ASSIGNMENT:
Produce the full set of records below once more, exactly as they stand.

Saved entries:
• • • • •

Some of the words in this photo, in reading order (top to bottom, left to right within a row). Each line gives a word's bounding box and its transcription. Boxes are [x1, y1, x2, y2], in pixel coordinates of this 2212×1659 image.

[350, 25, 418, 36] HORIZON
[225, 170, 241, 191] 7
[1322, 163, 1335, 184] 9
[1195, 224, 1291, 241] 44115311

• • • • •

REPLY TO THE EXERCISE:
Some of the words in this photo, in reading order (top to bottom, left to right within a row). Each line gives a word's bounding box and its transcription. Boxes are [x1, y1, x2, y2], in pixel coordinates of this 2212×1659 image.

[350, 25, 418, 36] HORIZON
[225, 170, 241, 191] 7
[1322, 163, 1335, 184] 9
[1195, 224, 1291, 241] 44115311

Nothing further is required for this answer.